4.2.2. Machine Translation Performance Evaluation, Manual Evaluation Results, and Analysis

In Table 8 and Table 9, the test data from ASPEC-JC are designated as “A”, the test data from OpenSubtitles are “O”, and the test data of the previous version of WCC-JC, WCC-JC 1.0, are referred to as “W 1.0”. To evaluate the generalization capability of the translation models, we also included the test data from the updated WCC-JC 2.0, which are referred to as “W 2.0”. Finally, “WCC-JC 1.0 + 2.0” represents the merged and de-duplicated training data from both WCC-JC 1.0 and WCC-JC 2.0. The transformer model, which is a preconfigured architecture provided by Fairseq, specifically the transformer-iwslt-de-en variant, shall henceforth be referred to as “Transformer” for the sake of brevity and convenience in our exposition.
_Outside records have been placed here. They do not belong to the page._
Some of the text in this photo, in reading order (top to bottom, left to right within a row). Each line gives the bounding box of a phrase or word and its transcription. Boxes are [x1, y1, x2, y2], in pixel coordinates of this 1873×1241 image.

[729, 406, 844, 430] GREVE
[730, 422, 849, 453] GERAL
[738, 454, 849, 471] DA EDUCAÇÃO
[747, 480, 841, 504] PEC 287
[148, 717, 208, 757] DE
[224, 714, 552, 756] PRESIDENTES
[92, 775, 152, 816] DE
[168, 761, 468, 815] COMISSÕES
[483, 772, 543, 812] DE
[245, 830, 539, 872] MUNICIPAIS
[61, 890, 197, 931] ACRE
Based on the results presented in Table 8 and Table 9, it can be concluded that the training data of WCC-JC 1.0 + 2.0 were found to produce the best results for all test data (with the exception of the ASPEC-JC test data A), followed by WCC-JC 2.0. This superiority is attributed to the notable increase in the number of sentence pairs in WCC-JC 2.0, as well as the mismatch between the content of scientific papers in ASPEC-JC and the content of spoken language texts.
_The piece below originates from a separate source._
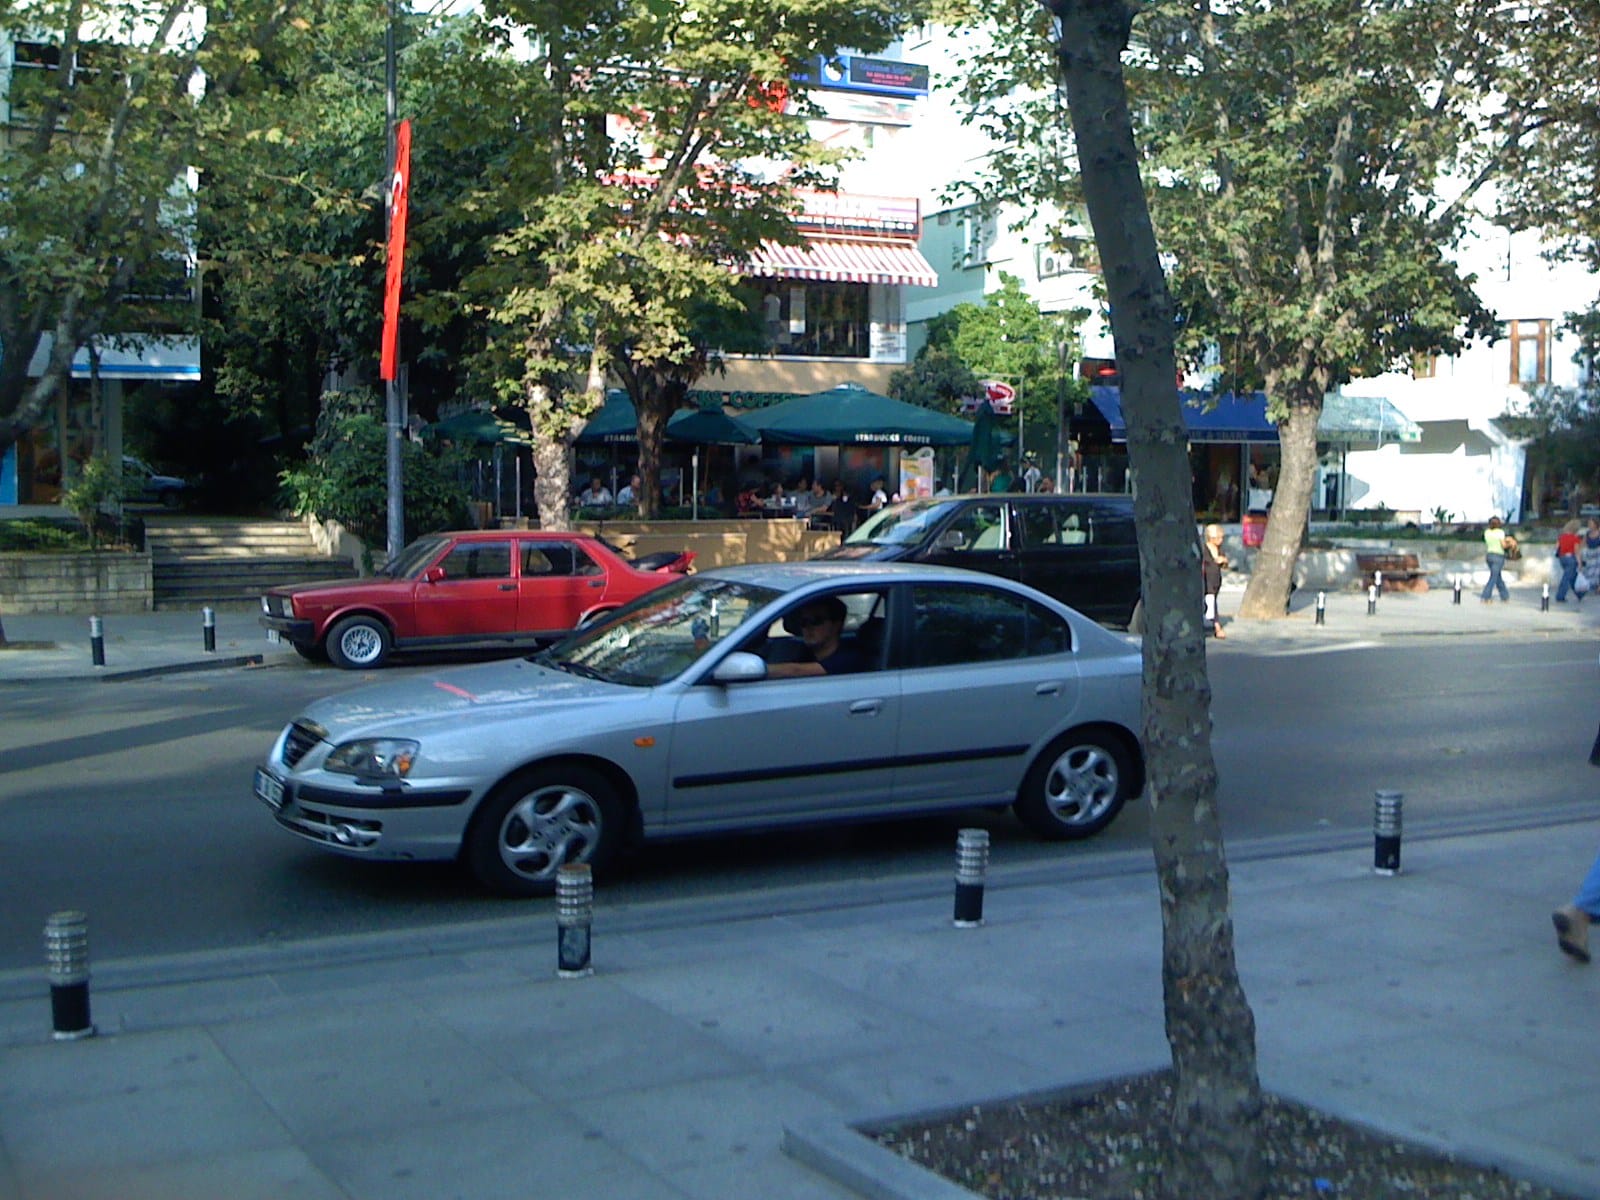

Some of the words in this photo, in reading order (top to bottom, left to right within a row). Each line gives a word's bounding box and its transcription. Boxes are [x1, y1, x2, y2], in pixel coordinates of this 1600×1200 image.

[604, 434, 640, 442] STARBU
[855, 433, 900, 442] STARBUCKS
[903, 434, 930, 444] COFFEE
The results indicate that WCC-JC 2.0 and WCC-JC 1.0 + 2.0 achieved BLEU scores above 20 on the W 1.0 and W 2.0 test data, demonstrating the quality of WCC-JC 2.0 as a corpus of spoken language while taking into account that spoken language sentences inherently have multiple interpretations (with multiple translations). These results also highlight the generalizability of WCC-JC 2.0 to test data from other corpora.

It is worth noting that the best BLEU values obtained by WCC-JC 2.0 were significantly higher compared with those of WCC-JC 1.0. This suggests that WCC-JC 2.0 is a more advanced corpus than WCC-JC 1.0 and is thus ready for practical applications.
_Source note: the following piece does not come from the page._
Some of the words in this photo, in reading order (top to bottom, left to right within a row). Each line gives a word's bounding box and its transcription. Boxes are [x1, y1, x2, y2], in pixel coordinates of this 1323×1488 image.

For the WCC-JC 1.0 + 2.0 test data, W 2.0, the highest BLEU scores of 22.8 and 22.9 were achieved in the Japanese-to-Chinese (J→C) and Chinese-to-Japanese (C→J) language pairs, respectively. To further evaluate the translation results of the W 2.0 test data, a manual evaluation was performed using the JPO scores. Figure 4 and Figure 5 present the results of the manual evaluation for the J→C and C→J language pairs, respectively.

We carried out the manual evaluations of the translation outputs for both the J→C and C→J directions using the W 2.0 test set of WCC-JC 1.0 + 2.0. Three groups, labeled as A, B, and C, were established, with each group consisting of two evaluators. The criteria for evaluation were detailed in Section 4.2.1. Table 10 presents the individual evaluations of each evaluator.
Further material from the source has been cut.